Column Editors’ note: For this Mining the Past article, column co-editor Christopher J. Phillips sketches a history of precision medicine. Though sometimes portrayed as a field with roots primarily in genetics, he describes the decisive historical role played by statisticians and data scientists, particularly a group of midcentury biostatisticians located at the National Institutes of Health.
Keywords: precision medicine, personalized medicine, biostatistics, genetics, history
The origins of precision medicine are not precisely known. That’s due in no small part to ongoing confusion about what precision medicine is. Confusion over the boundaries of a new scientific paradigm shouldn’t surprise anyone, but even the basic terminology isn’t clear in this case. What’s the relationship of precision medicine to personalized medicine? What distinction, if any, is being made with evidence-based medicine? Haven’t clinicians always striven to provide precise recommendations? As a systematic survey recently concluded, whether called precision medicine or personalized medicine, the phrase has come to refer to the way personal data and biomarkers—particularly genetic biomarkers—might be used to tailor treatments for individual patients (Schleidgen, Klingler, Bertram, Rogowski, & Marckmann, 2013). Nothing in this definition signals what’s new about precision medicine, however—genetic information and other patient data have long been used to advance medical research and improve treatments. Only by delving deeper into what precision medicine has meant over time might we understand what’s actually new about the age-old attempt to move from individual and seemingly idiosyncratic patient outcomes to generalizable knowledge about health and disease, and the crucial role statisticians have historically played in that process.
Despite the apparent breadth of the term, precision medicine’s contemporary proponents effectively have two visions in mind. The first is essentially an advancement of pharmacogenetics—the development of pharmaceuticals on the basis of genetic information. Pharmacogenetics itself is not new, and the broader desire to use genetic data to improve health outcomes has its own long history. Nineteenth-century pioneers in biometry and statistics—including Karl Pearson and Francis Galton—were deeply interested in the relationship of genetics and disease and in particular in promoting eugenical reforms to avoid the manifestation of ‘degeneration’ in diseases ranging from mental illness to cataracts.1 Others skeptical of orthodox eugenics’ emphasis on individual variation, like the biometrician Raymond Pearl at Johns Hopkins, still attempted to reveal and measure the interaction of “constitutional” and environmental factors in the distributions of disease (Comfort, 2012). Though surprisingly little-remembered today, Werner Kalow’s 1962 textbook Pharmacogenetics had already set out the program of linking therapeutic response to both the biochemistry of drug agents and to the role of genetics and evolution in shaping individual differences (Jones, 2013).

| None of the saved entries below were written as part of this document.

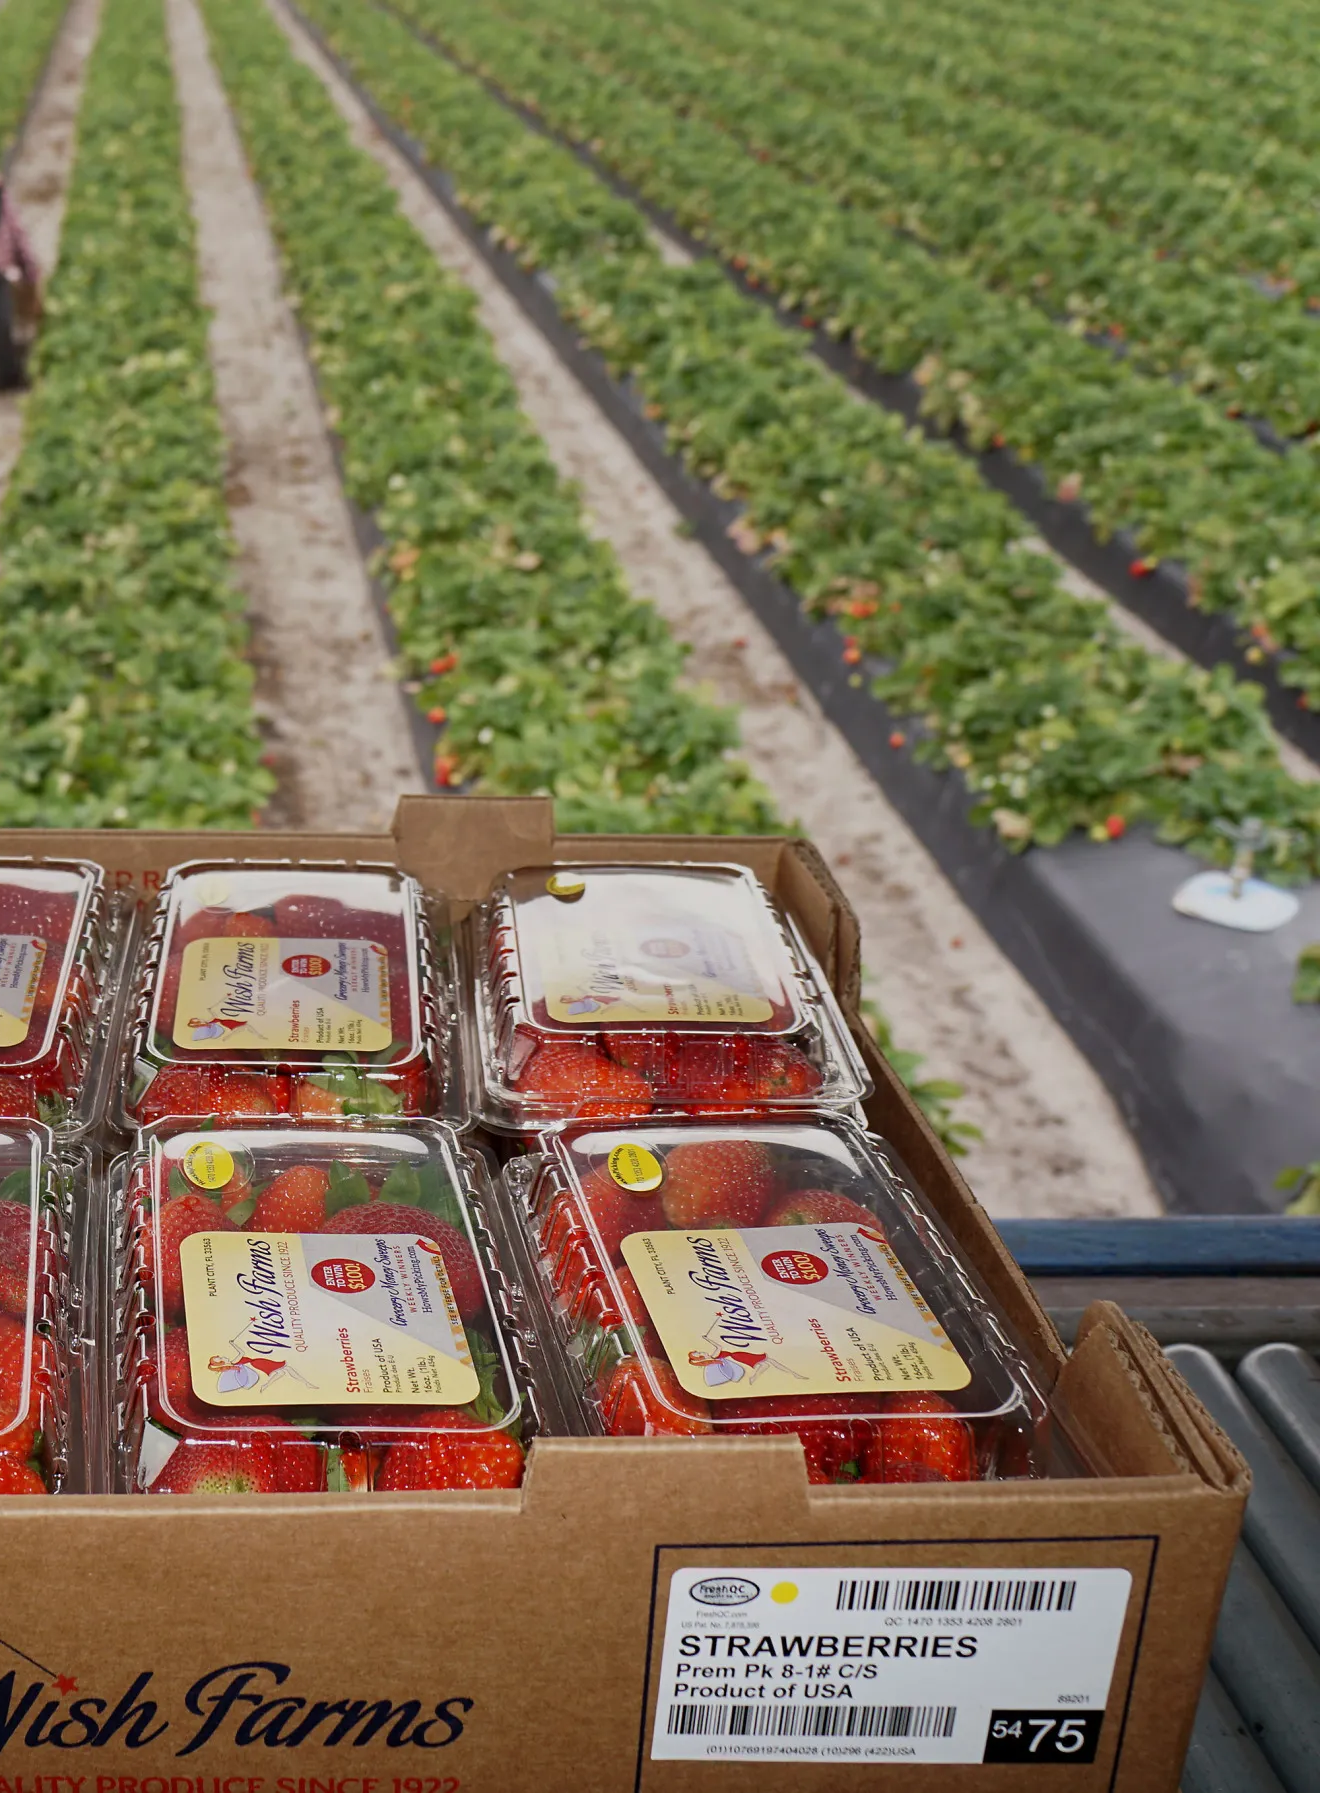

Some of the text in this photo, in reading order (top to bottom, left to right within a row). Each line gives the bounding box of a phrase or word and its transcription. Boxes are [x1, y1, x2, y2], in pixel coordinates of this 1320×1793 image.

[220, 941, 255, 1016] Wish Farms
[288, 1000, 299, 1041] Strawberries
[202, 1238, 212, 1253] 33563
[205, 1263, 214, 1276] CITY,
[323, 1266, 335, 1285] ENTER
[332, 1264, 345, 1287] TO WIN
[344, 1263, 366, 1289] $100!
[407, 1245, 432, 1312] HowsMyPicking.com
[654, 1262, 666, 1275] CITY,
[771, 1258, 789, 1278] ENTER
[780, 1256, 800, 1279] TO WIN
[791, 1254, 821, 1279] $100!
[814, 1228, 876, 1314] Grocery Money Sweeps
[850, 1234, 897, 1300] HowsMyPicking.com
[207, 1277, 216, 1296] PLANT
[236, 1238, 290, 1353] Wish Farms
[373, 1238, 407, 1326] Grocery Money Sweeps
[660, 1276, 675, 1294] PLANT
[686, 1236, 766, 1347] Wish Farms
[717, 1237, 783, 1344] QUALITY PRODUCE SINCE 1922
[276, 1241, 307, 1352] QUALITY PRODUCE SINCE 1922
[845, 1327, 860, 1341] USA
[338, 1328, 360, 1392] Strawberries
[808, 1318, 851, 1381] Strawberries
[371, 1338, 392, 1392] Product of USA
[861, 1352, 884, 1380] Product
[678, 1635, 978, 1658] STRAWBERRIES
[676, 1663, 879, 1680] Prem Pk 8-1# C/S
[674, 1683, 854, 1700] Product of USA
[175, 1661, 475, 1758] Farms
[991, 1719, 1087, 1753] 54 75
[96, 1776, 266, 1793] PRODUCE
[276, 1777, 380, 1793] SINCE
[392, 1777, 461, 1793] 1922

Precision medicine’s proponents essentially coopted pharmacogenetics after the successful conclusion of the Human Genome Project around the turn of the century. Subsequent investments of the National Institutes of Health (NIH) under Francis S. Collins attempted to capitalize on this new knowledge to transform genetic medicine far beyond the study of well-known mutations and chromosomal anomalies (Collins & McKusick, 2001). Indeed, some of the new discoveries have been profound; a handful of successful high-profile drugs based on the genetics of cancer cells—for example, Herceptin (trastuzumab), Erbitux (cetuximab), and Gleevec (imatinib), among others—have given hope that over time our understanding of more diseases will be transformed (Hamburg & Collins, 2010; National Research Council, 2011). Just as the 19th-century bacteriologist Robert Koch’s postulation of a one-disease–one-organic-cause paradigm fit diseases like tuberculosis perfectly and others not at all, however, some diseases will likely be amenable to genetic approaches and others not so much.

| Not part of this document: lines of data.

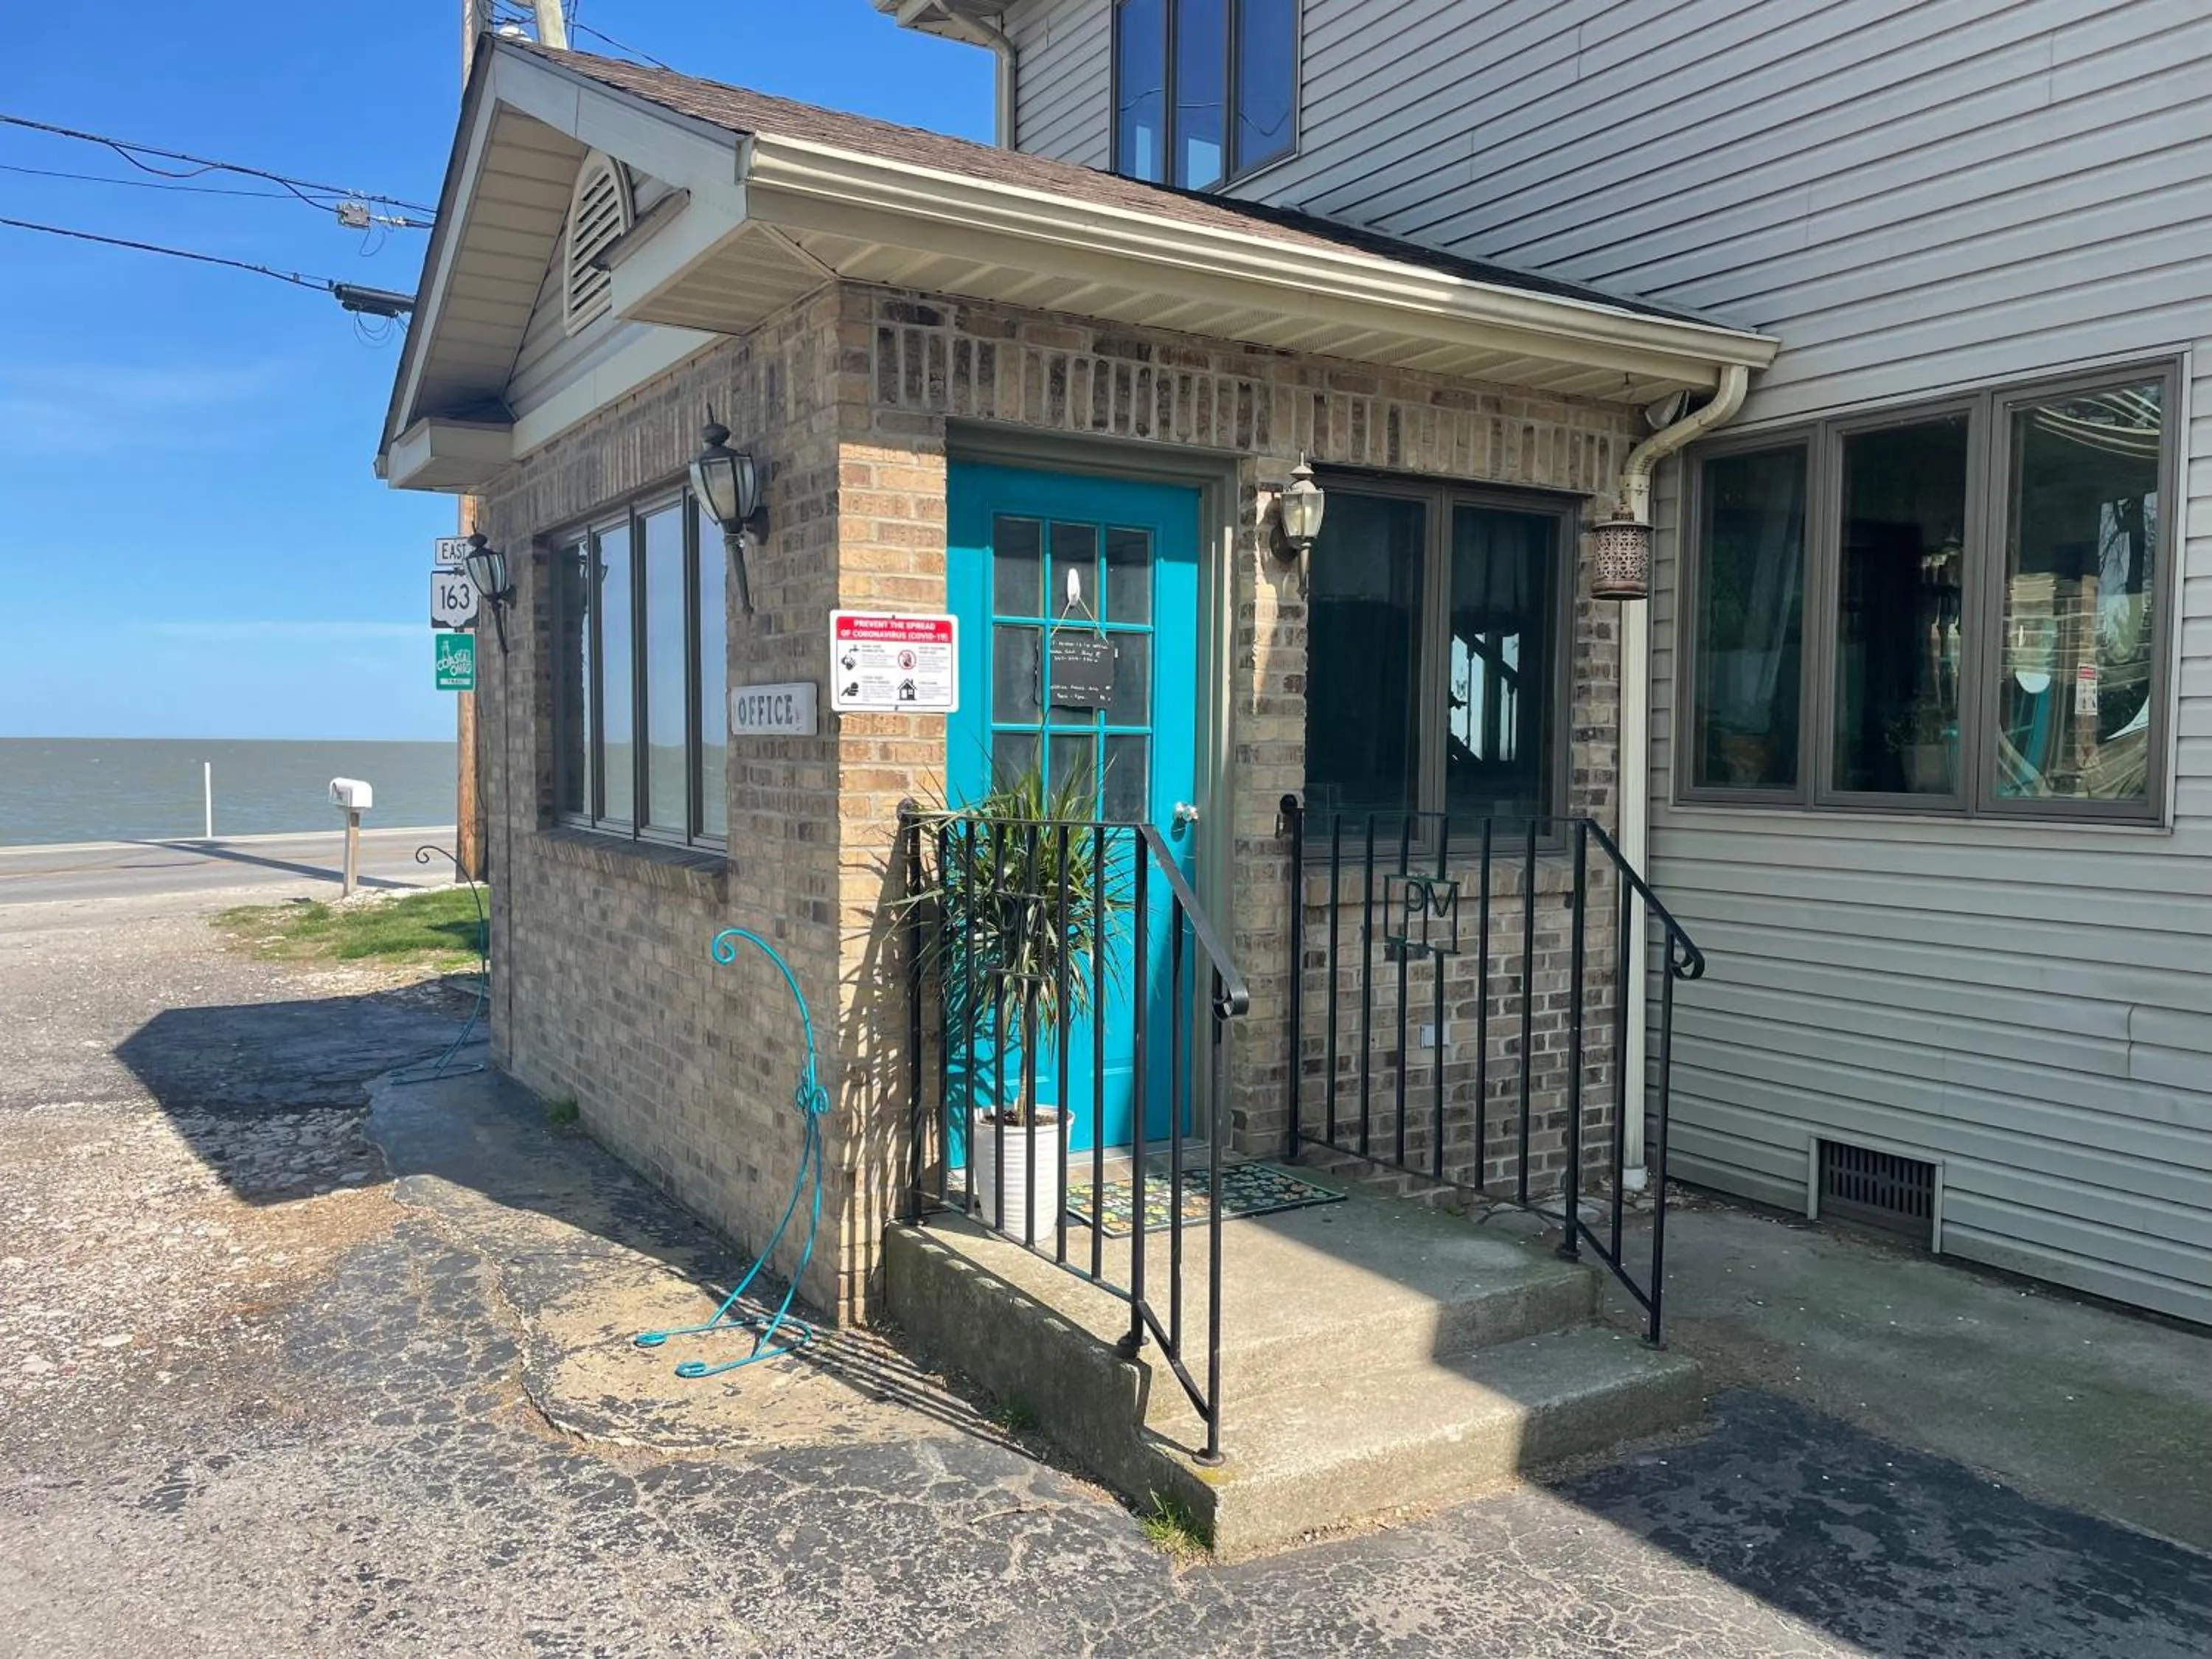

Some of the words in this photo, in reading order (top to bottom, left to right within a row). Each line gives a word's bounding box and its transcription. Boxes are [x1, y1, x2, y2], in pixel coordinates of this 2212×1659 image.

[442, 542, 466, 560] EAST
[440, 583, 470, 610] 163
[853, 619, 888, 627] PREVENT
[906, 622, 936, 630] SPREAD
[852, 630, 906, 639] CORONAVIRUS
[738, 694, 793, 726] OFFICE

A second vision proponents of precision medicine espouse is an increased ability to harness and aggregate new data sources concerning the manifestation and treatment of disease. The idea is that by identifying specific genes, biomarkers, or other factors that alter the probability of acquiring or alleviating disease, researchers will be able to design more precise interventions. This conception of precision medicine also draws on a long history of using biomedical data to tailor therapies to individual patients, to compare treatment outcomes numerically, and to develop statistical tools for moving back and forth between individual and aggregate data.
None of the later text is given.